We’ll have a live feed set up for the rest of the world; more on that soon.
Thursday, May 21
3rd Ward, Brooklyn: Directions
Sponsored by 3rd Ward, createdigitalmusic.com, XLR8R.com, Make Magazine, and Etsy.com
Free / Free Pabst Blue Ribbon beer (while the PBRs last)!
RSVP to email@example.com
Two robotic gamelan instruments are coming to Handmade Music – get up and close to the robotically-enhanced bronze metallophones, learn how it works, then listen to a robo-gamelan composition.
Fatamorgana (Indonesian for Mirage), a composition by Zemi17 played by the worlds first and only pair of Robotic Balinese Gender Wayang (10 key bronze xylophones with resonators) from the world’s first and only fully robotic Indonesian styled gamelan orchestra, The GamelaTron (http://gamelatron.com, http://myspace.com/gamelatron) by the League of Electronic Music Urban Robots (http://lemurbots.org) and Zemi17 (http://zemi17.net)

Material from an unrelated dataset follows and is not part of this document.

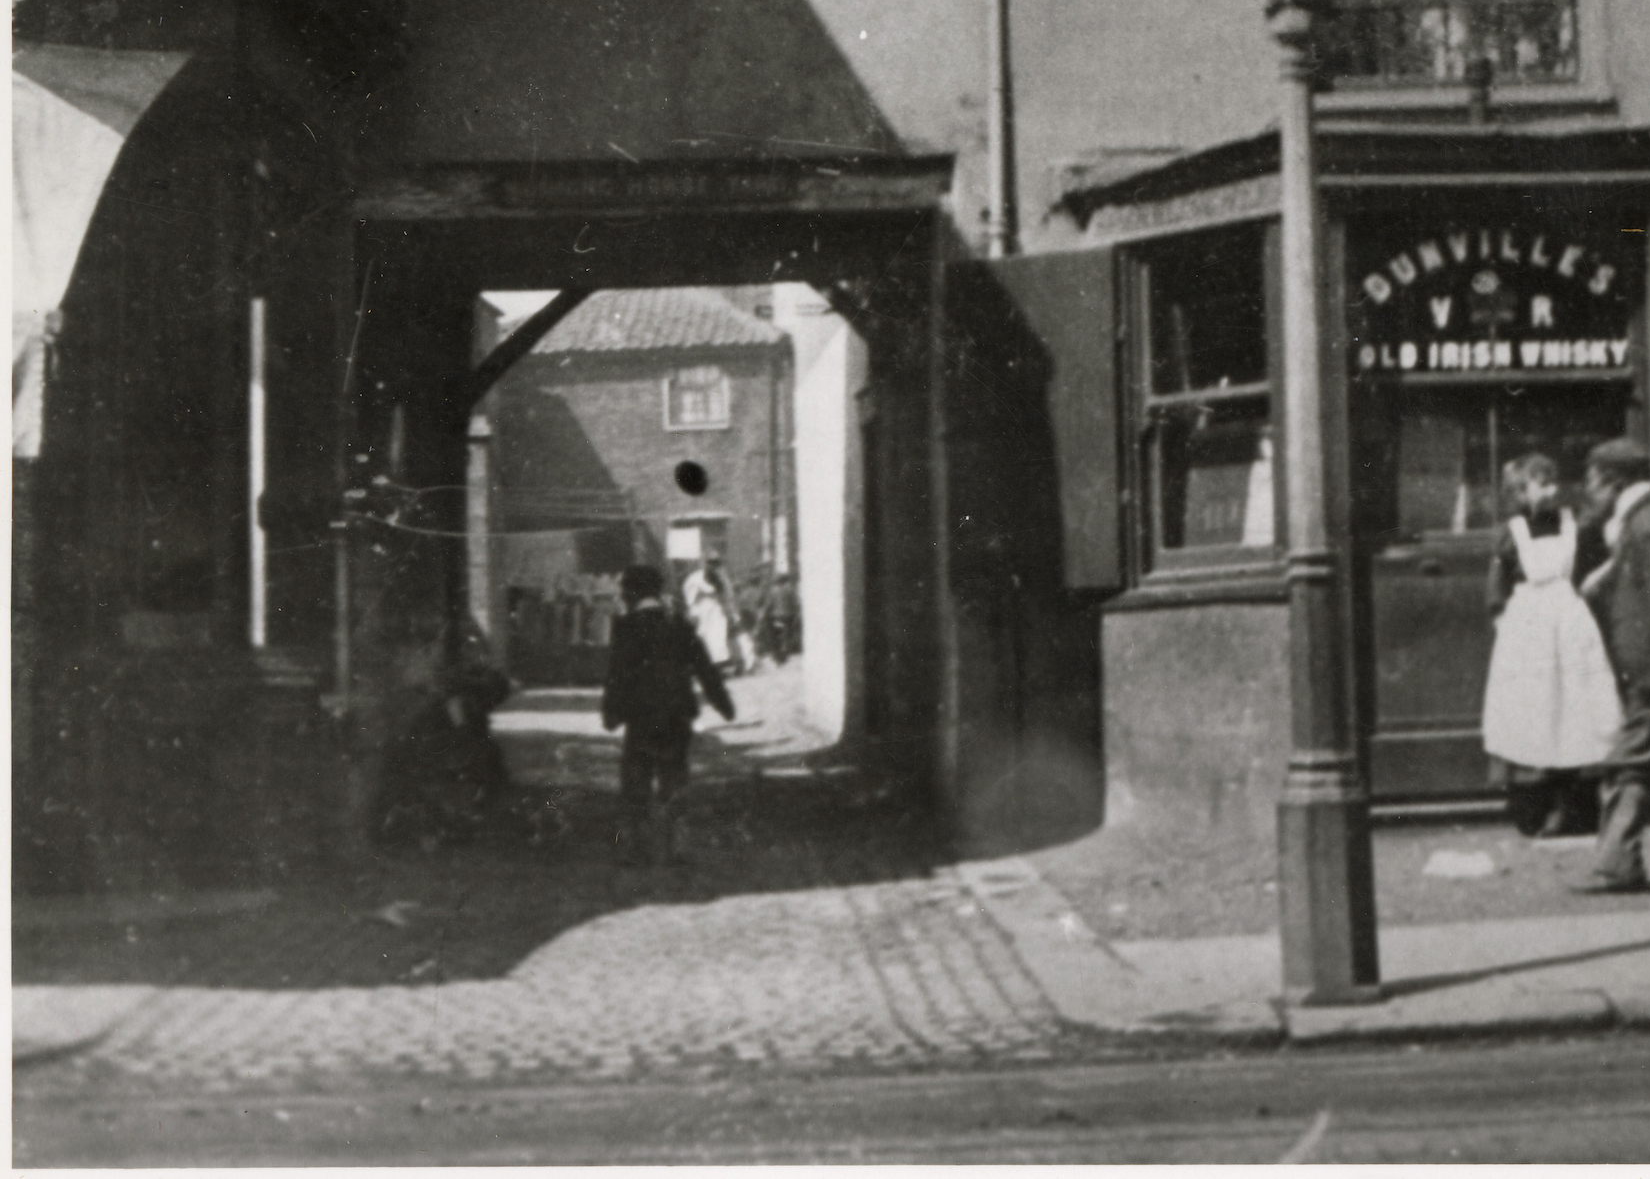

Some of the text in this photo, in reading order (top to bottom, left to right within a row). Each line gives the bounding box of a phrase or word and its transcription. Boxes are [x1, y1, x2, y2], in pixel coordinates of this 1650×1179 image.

[1428, 292, 1556, 331] V R
[1358, 337, 1632, 370] OLD IRISH WHISKY

LEMUR: League of Electronic Musical Urban Robots is a Brooklyn-based group of artist and technologists who create robotic musical instruments. Founded in 2000 by musician and engineer Eric Singer, LEMUR creates exotic, sculptural musical instruments which integrate robotic technology.
Save That Old iPod / PDA: Make it a Powerful Sound Object
Hans-Christoph Steiner is rescuing old, supposedly “worthless” PDAs and iPods from the scrap heap, unlocking the sonic powers that lurk within through the forces of open source software. ReWare uses Linux and the interactive environment Pure Data (Pd) – among others – to turn those pocket gadgets into musical instruments, sonic toys, useful tools, and interactive art.
See Hans’ box o’ portable devices – and get your own gadget to come out of the closet and be rejuvenated.
PETER KIRN will display some first experiments with Google’s open-source Android mobile platform, turning the TMobile G1 phone into a gestural controller for music. If you’ve got a G1 of your own, we can get you up and running. If you’re interested in other free OpenSoundControl-powered tools for performance, you’ll want to drop by.